Top of EXERCISE MATERIALS
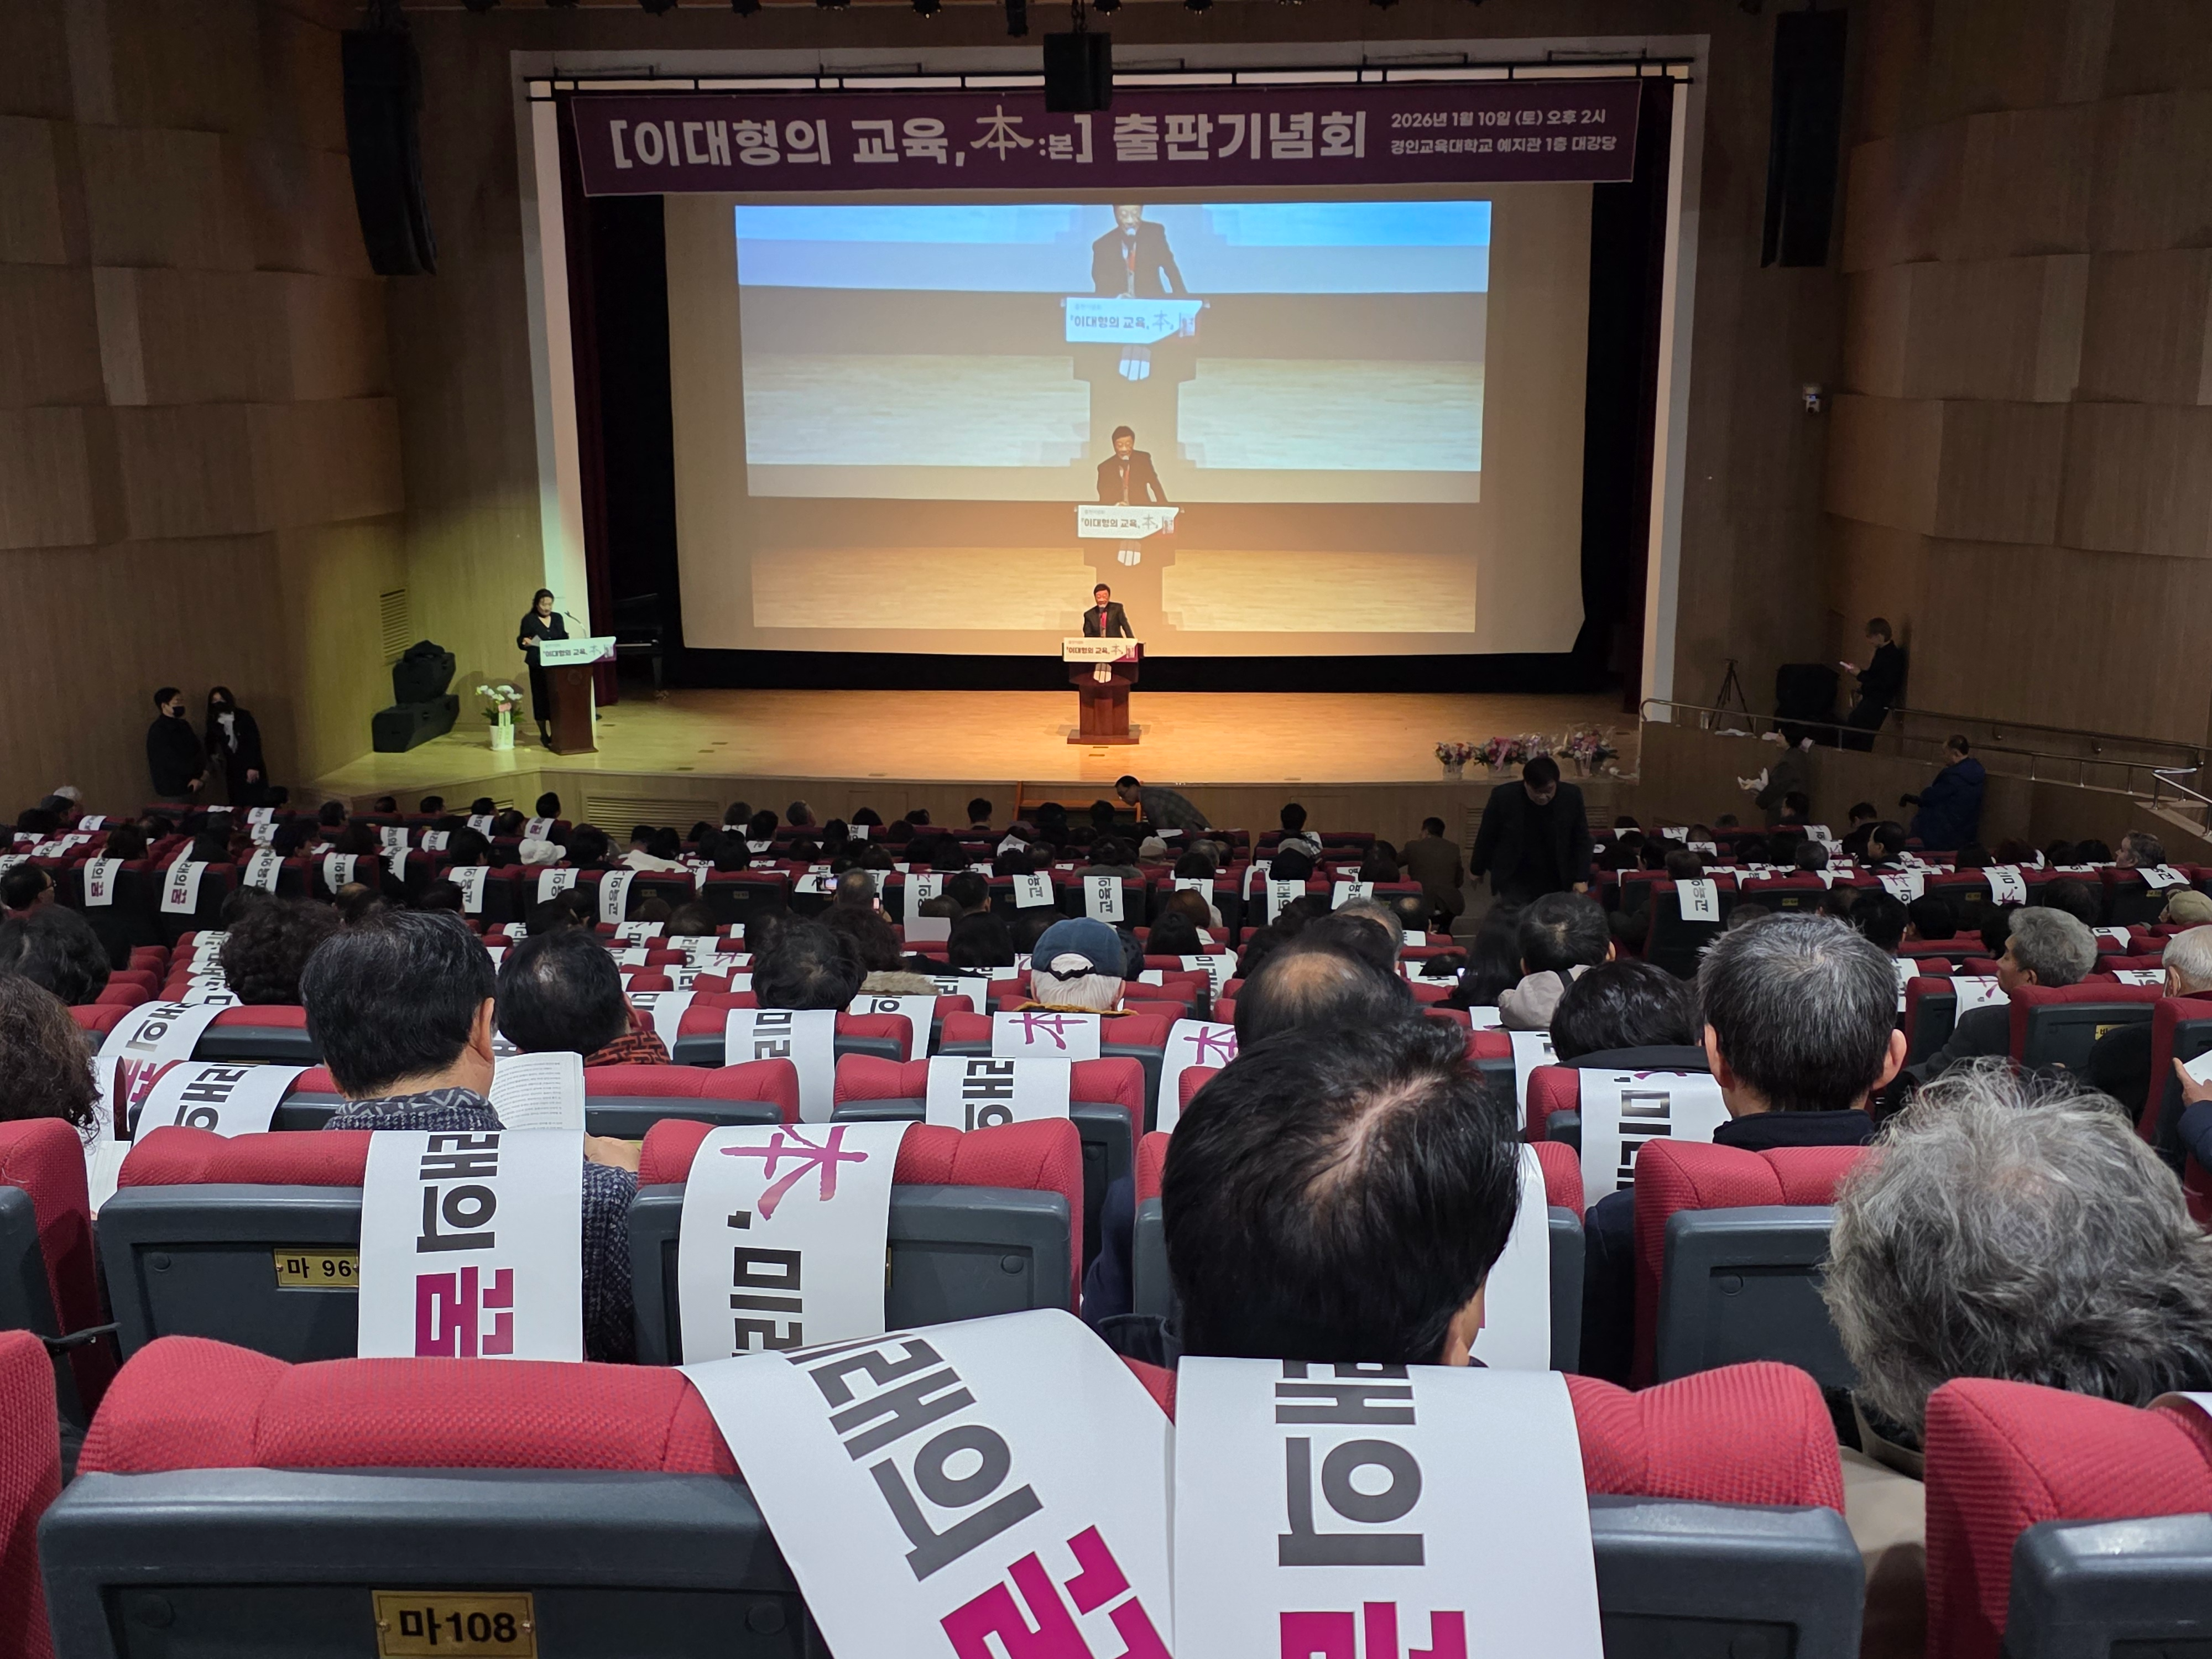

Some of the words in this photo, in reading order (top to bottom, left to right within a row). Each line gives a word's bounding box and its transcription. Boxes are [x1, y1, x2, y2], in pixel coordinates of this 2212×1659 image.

[1391, 112, 1447, 127] 2026년
[1452, 111, 1473, 126] 1월
[1478, 111, 1510, 126] 10일
[1515, 110, 1543, 126] (토)
[1547, 109, 1577, 125] 오후
[1580, 109, 1605, 124] 2시
[610, 119, 831, 169] [이대형의
[1113, 111, 1366, 161] 출판기념회
[1391, 138, 1493, 154] 경인교육대학교
[1497, 138, 1541, 152] 예지관
[1546, 137, 1567, 152] 1층
[1572, 135, 1616, 151] 대강당
[608, 875, 622, 916] 교육의
[1098, 878, 1113, 914] 교육의
[286, 1257, 310, 1279] 마
[321, 1259, 352, 1278] 96
[415, 1266, 514, 1358] 꿈
[399, 1607, 517, 1646] 마108
Bottom of EXERCISE MATERIALS
[WORK TO COMPLETE]:
The pictures in the entries above should be left out; all else must be copied exactly.

[SOLUTION FOR THIS TASK]:
Some of the words in this photo, in reading order (top to bottom, left to right within a row). Each line gives a word's bounding box and its transcription. Boxes are [x1, y1, x2, y2], in pixel coordinates of this 2212×1659 image.

[1391, 112, 1447, 127] 2026년
[1452, 111, 1473, 126] 1월
[1478, 111, 1510, 126] 10일
[1515, 110, 1543, 126] (토)
[1547, 109, 1577, 125] 오후
[1580, 109, 1605, 124] 2시
[610, 119, 831, 169] [이대형의
[1113, 111, 1366, 161] 출판기념회
[1391, 138, 1493, 154] 경인교육대학교
[1497, 138, 1541, 152] 예지관
[1546, 137, 1567, 152] 1층
[1572, 135, 1616, 151] 대강당
[608, 875, 622, 916] 교육의
[1098, 878, 1113, 914] 교육의
[286, 1257, 310, 1279] 마
[321, 1259, 352, 1278] 96
[415, 1266, 514, 1358] 꿈
[399, 1607, 517, 1646] 마108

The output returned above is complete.